▸ TRY IT: Output, word for word, the line that contains "Some of the words" and all lines after it in the records below, omitting pictures.
===============
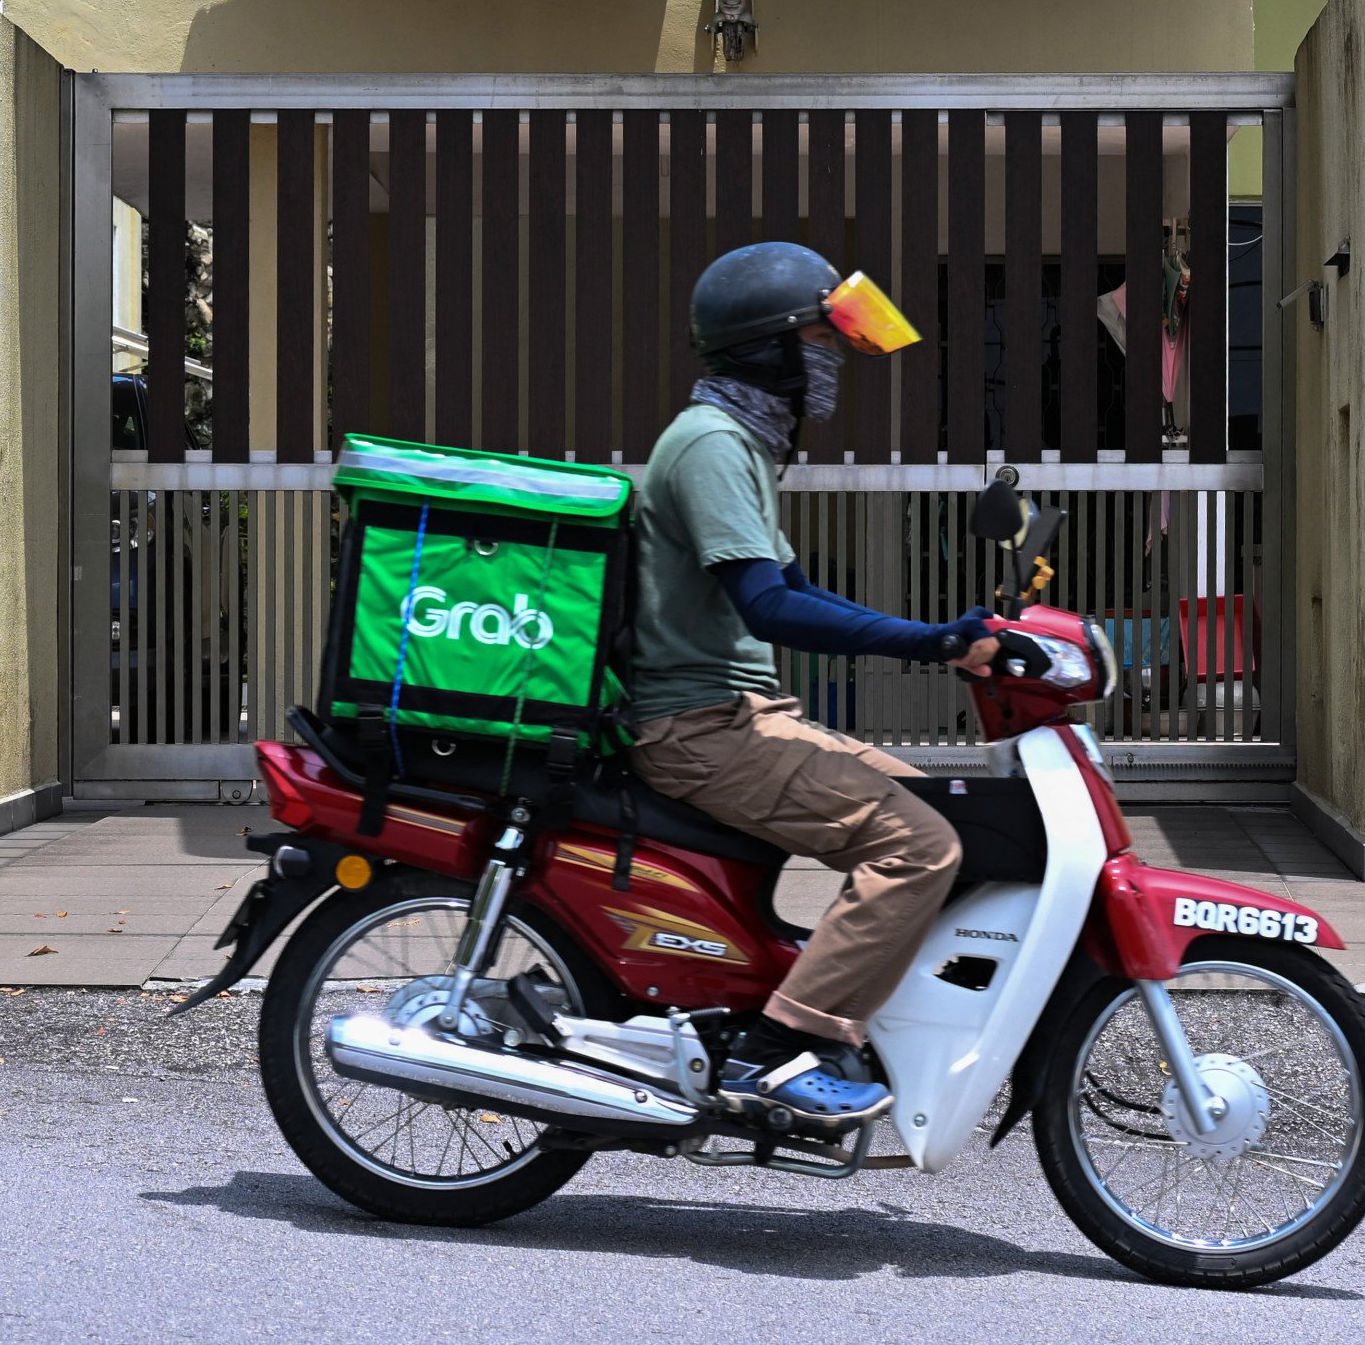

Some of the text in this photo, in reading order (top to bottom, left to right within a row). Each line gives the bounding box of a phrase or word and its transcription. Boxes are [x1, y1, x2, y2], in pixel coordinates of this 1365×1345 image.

[400, 586, 554, 650] Grab
[955, 928, 1019, 942] HONDA
[1173, 897, 1319, 944] BQR6613
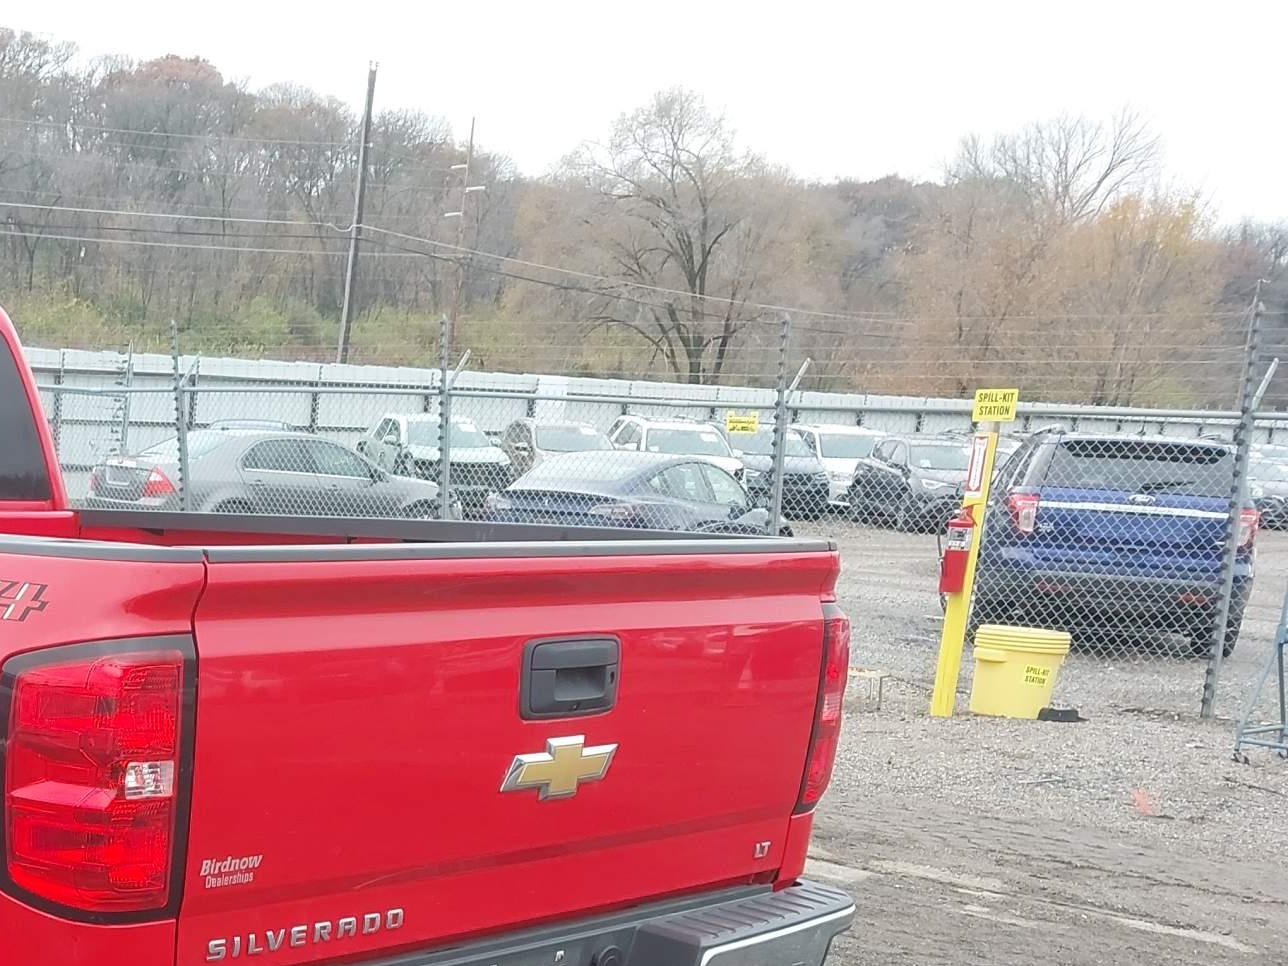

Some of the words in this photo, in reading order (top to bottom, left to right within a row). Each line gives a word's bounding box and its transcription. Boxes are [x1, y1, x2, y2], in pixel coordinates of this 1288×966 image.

[978, 392, 1015, 402] SPILL-KIT
[979, 405, 1011, 416] STATION
[1025, 666, 1050, 676] SPILL-KIT
[1024, 675, 1046, 685] STATION
[754, 841, 772, 858] LT
[200, 855, 263, 877] Birdnow
[205, 871, 254, 889] Dealerships
[206, 908, 405, 961] SILVERADO
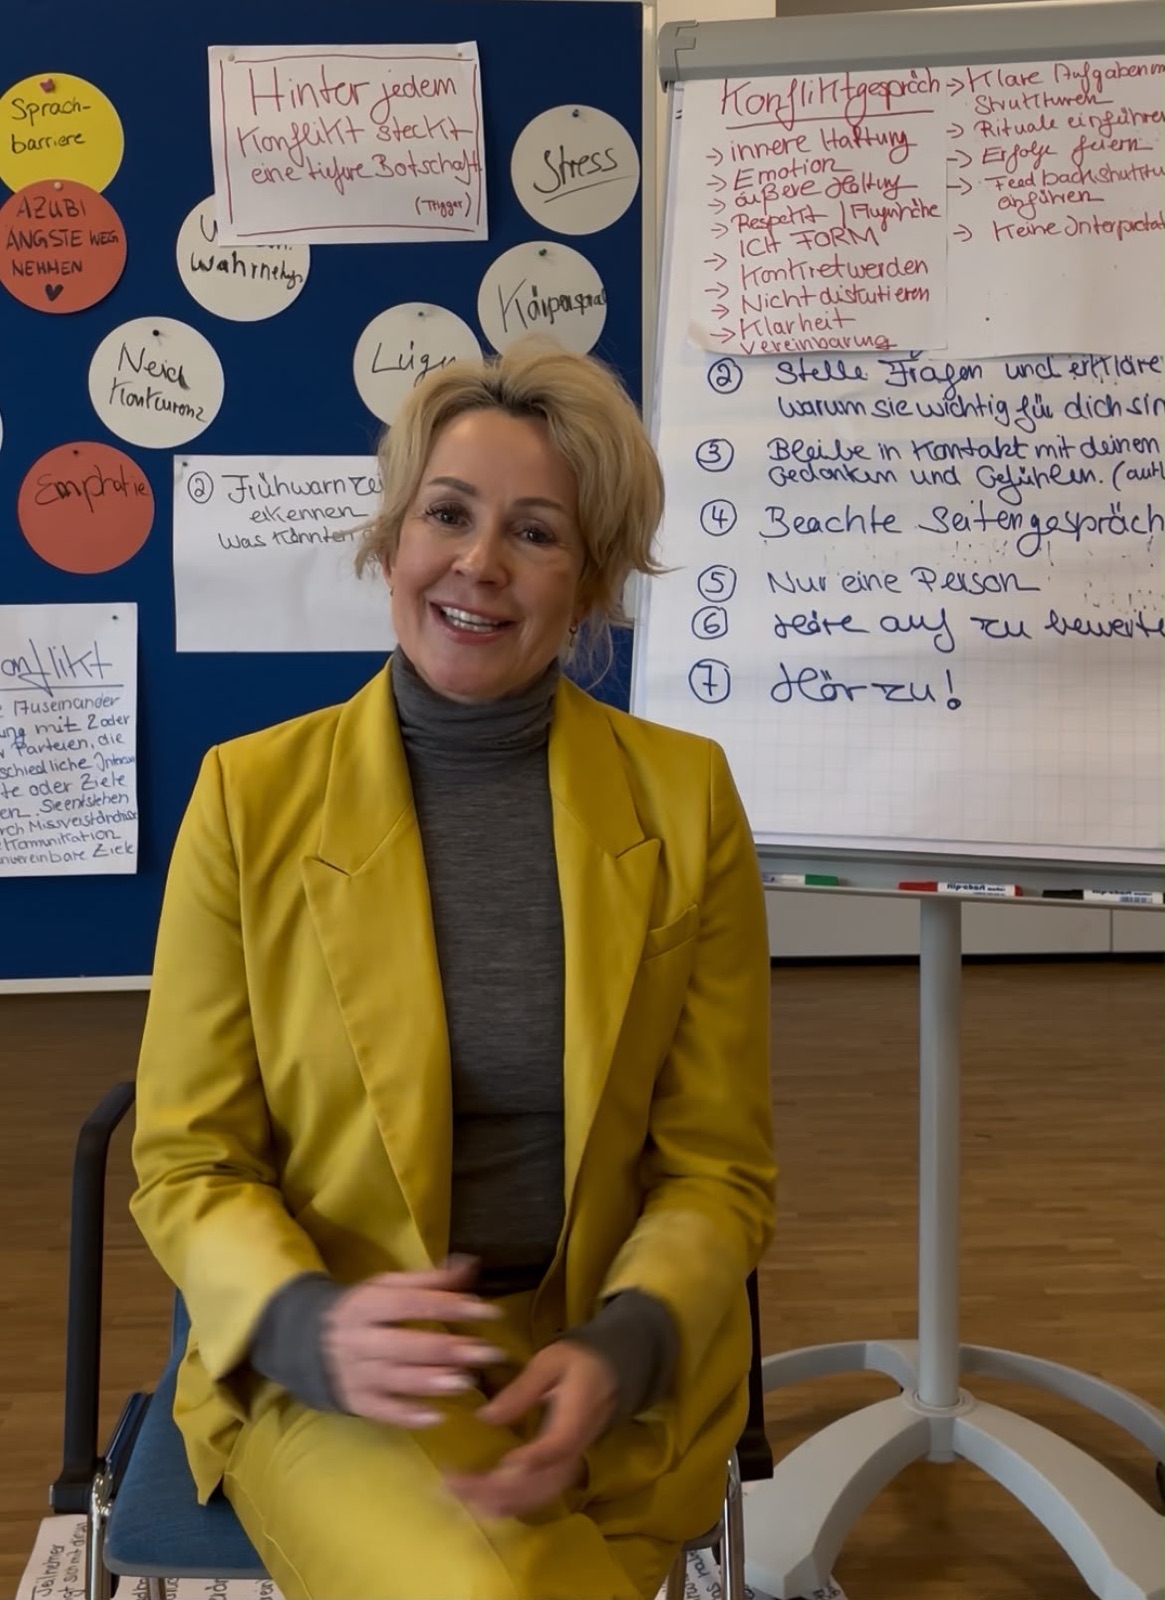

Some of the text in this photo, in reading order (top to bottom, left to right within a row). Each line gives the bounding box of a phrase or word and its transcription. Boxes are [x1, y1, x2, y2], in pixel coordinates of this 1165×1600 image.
===============
▸ RESPONSE TO THE TASK:
Some of the words in this photo, in reading order (top to bottom, left to right within a row). Each line gives a word's bounding box and its transcription. Boxes are [x1, y1, x2, y2], in pixel coordinates of this 1288×966 image.

[978, 392, 1015, 402] SPILL-KIT
[979, 405, 1011, 416] STATION
[1025, 666, 1050, 676] SPILL-KIT
[1024, 675, 1046, 685] STATION
[754, 841, 772, 858] LT
[200, 855, 263, 877] Birdnow
[205, 871, 254, 889] Dealerships
[206, 908, 405, 961] SILVERADO

Some of the text in this photo, in reading order (top to bottom, left to right within a row). Each line gives the bounding box of a phrase or word and its transcription. Boxes are [x1, y1, x2, y2], in pixel coordinates of this 1165×1600 image.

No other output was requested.